[WHAT THIS TASK INVOLVES] Could you transcribe every record below exactly as written, excluding the pictures?
Top of DATA RECORDS
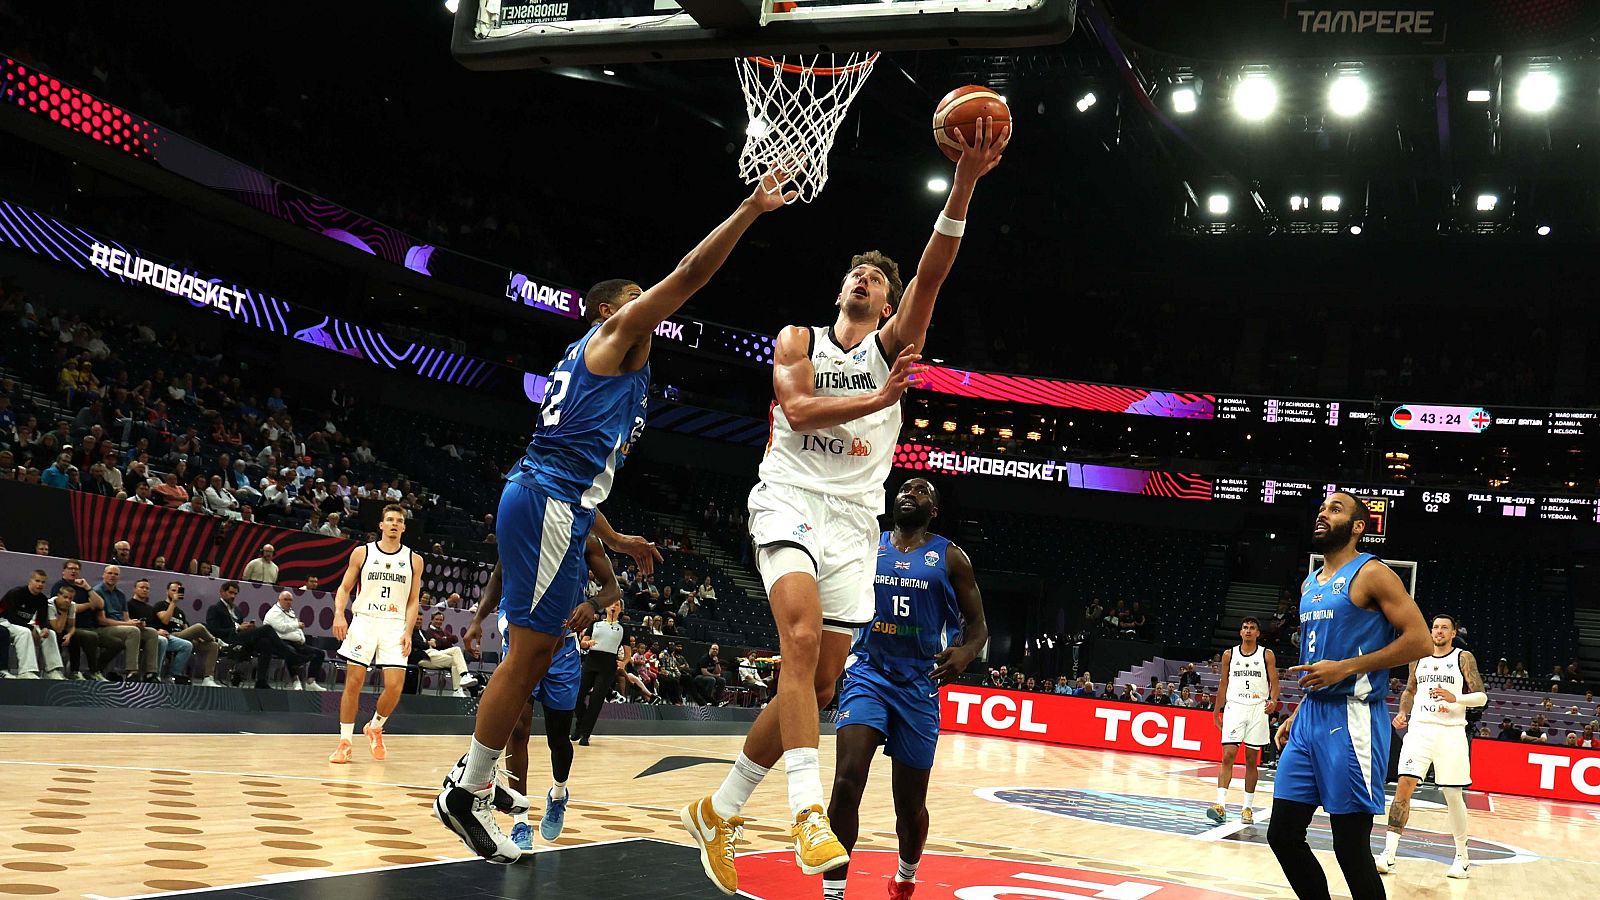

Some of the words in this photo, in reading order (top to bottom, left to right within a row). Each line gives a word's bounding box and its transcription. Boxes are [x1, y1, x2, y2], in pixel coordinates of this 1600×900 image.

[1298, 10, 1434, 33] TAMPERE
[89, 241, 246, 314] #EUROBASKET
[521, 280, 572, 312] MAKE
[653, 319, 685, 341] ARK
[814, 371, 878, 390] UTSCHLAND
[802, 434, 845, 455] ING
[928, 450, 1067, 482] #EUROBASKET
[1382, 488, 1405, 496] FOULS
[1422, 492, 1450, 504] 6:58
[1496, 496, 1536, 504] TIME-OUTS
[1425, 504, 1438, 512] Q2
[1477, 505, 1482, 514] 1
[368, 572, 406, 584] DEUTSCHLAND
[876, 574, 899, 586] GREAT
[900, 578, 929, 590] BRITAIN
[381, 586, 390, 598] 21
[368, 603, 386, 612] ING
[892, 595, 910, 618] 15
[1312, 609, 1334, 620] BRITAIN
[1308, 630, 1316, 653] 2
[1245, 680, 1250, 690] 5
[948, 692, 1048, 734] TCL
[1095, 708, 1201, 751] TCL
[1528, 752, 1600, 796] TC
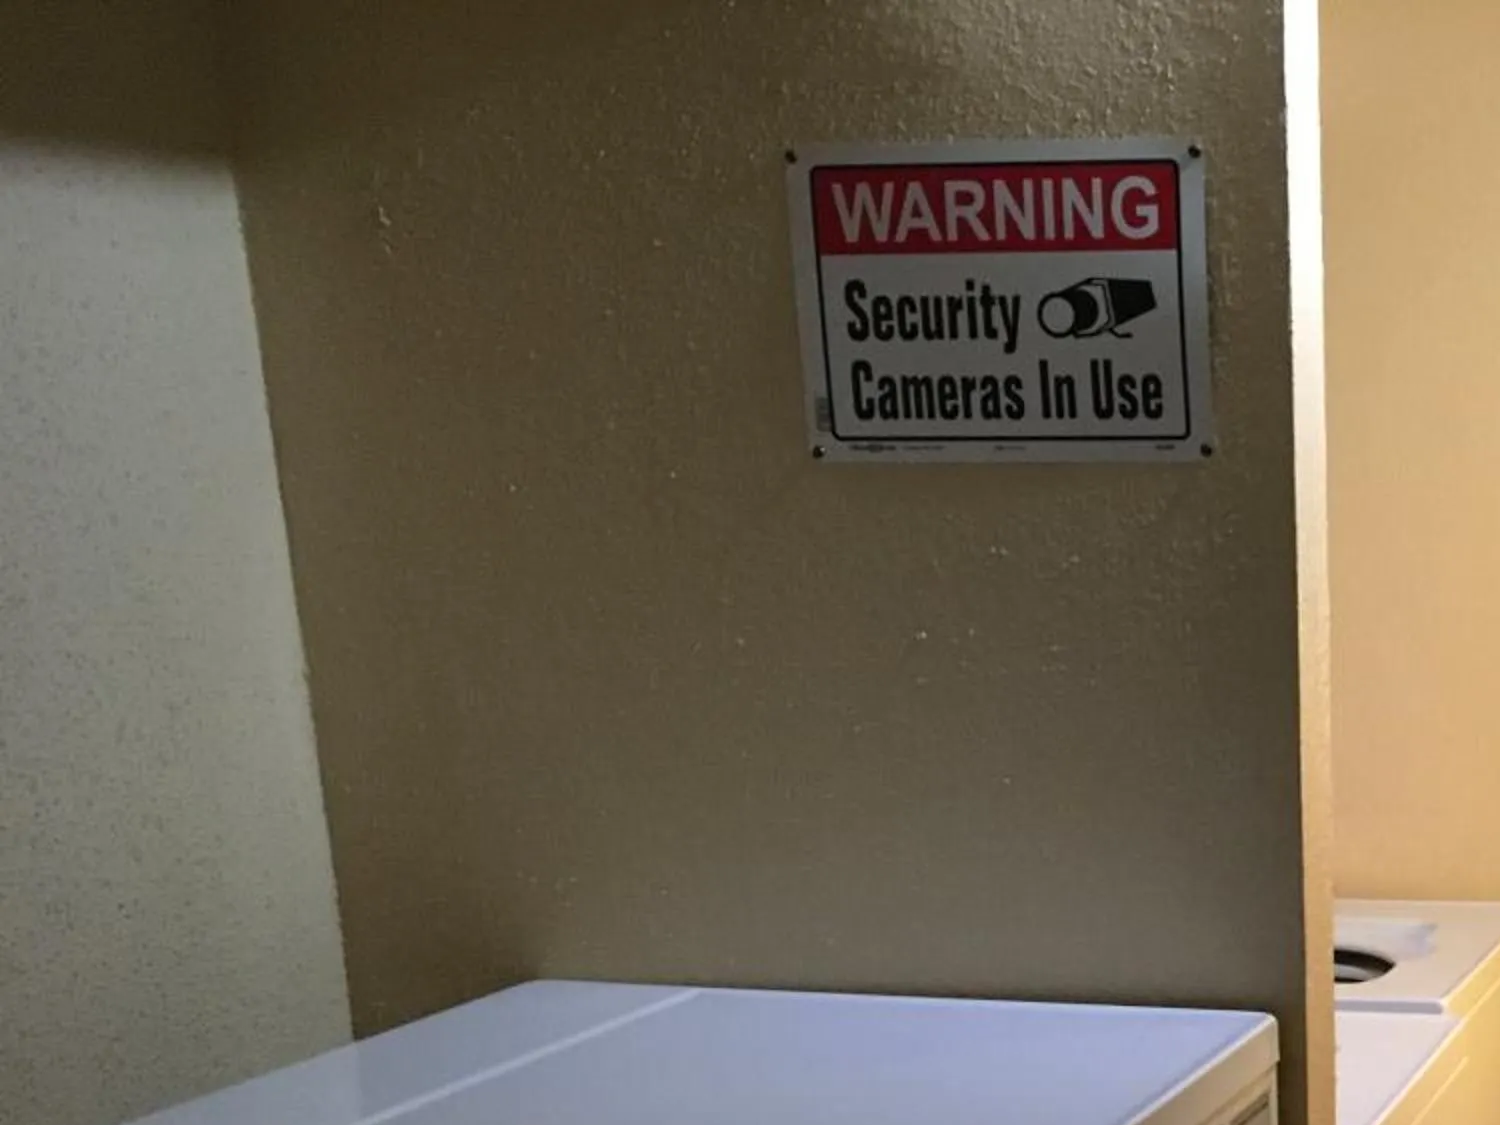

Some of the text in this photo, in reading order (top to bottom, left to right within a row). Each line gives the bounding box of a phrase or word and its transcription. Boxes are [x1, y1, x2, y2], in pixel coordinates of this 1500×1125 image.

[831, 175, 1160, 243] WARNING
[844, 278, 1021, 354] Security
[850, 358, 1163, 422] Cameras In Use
Bottom of DATA RECORDS
[RESPONSE AREA]
Some of the words in this photo, in reading order (top to bottom, left to right within a row). Each line gives a word's bounding box and its transcription. Boxes are [x1, y1, x2, y2], in pixel coordinates of this 1600×900 image.

[1298, 10, 1434, 33] TAMPERE
[89, 241, 246, 314] #EUROBASKET
[521, 280, 572, 312] MAKE
[653, 319, 685, 341] ARK
[814, 371, 878, 390] UTSCHLAND
[802, 434, 845, 455] ING
[928, 450, 1067, 482] #EUROBASKET
[1382, 488, 1405, 496] FOULS
[1422, 492, 1450, 504] 6:58
[1496, 496, 1536, 504] TIME-OUTS
[1425, 504, 1438, 512] Q2
[1477, 505, 1482, 514] 1
[368, 572, 406, 584] DEUTSCHLAND
[876, 574, 899, 586] GREAT
[900, 578, 929, 590] BRITAIN
[381, 586, 390, 598] 21
[368, 603, 386, 612] ING
[892, 595, 910, 618] 15
[1312, 609, 1334, 620] BRITAIN
[1308, 630, 1316, 653] 2
[1245, 680, 1250, 690] 5
[948, 692, 1048, 734] TCL
[1095, 708, 1201, 751] TCL
[1528, 752, 1600, 796] TC

Some of the text in this photo, in reading order (top to bottom, left to right within a row). Each line gives the bounding box of a phrase or word and its transcription. Boxes are [x1, y1, x2, y2], in pixel coordinates of this 1500×1125 image.

[831, 175, 1160, 243] WARNING
[844, 278, 1021, 354] Security
[850, 358, 1163, 422] Cameras In Use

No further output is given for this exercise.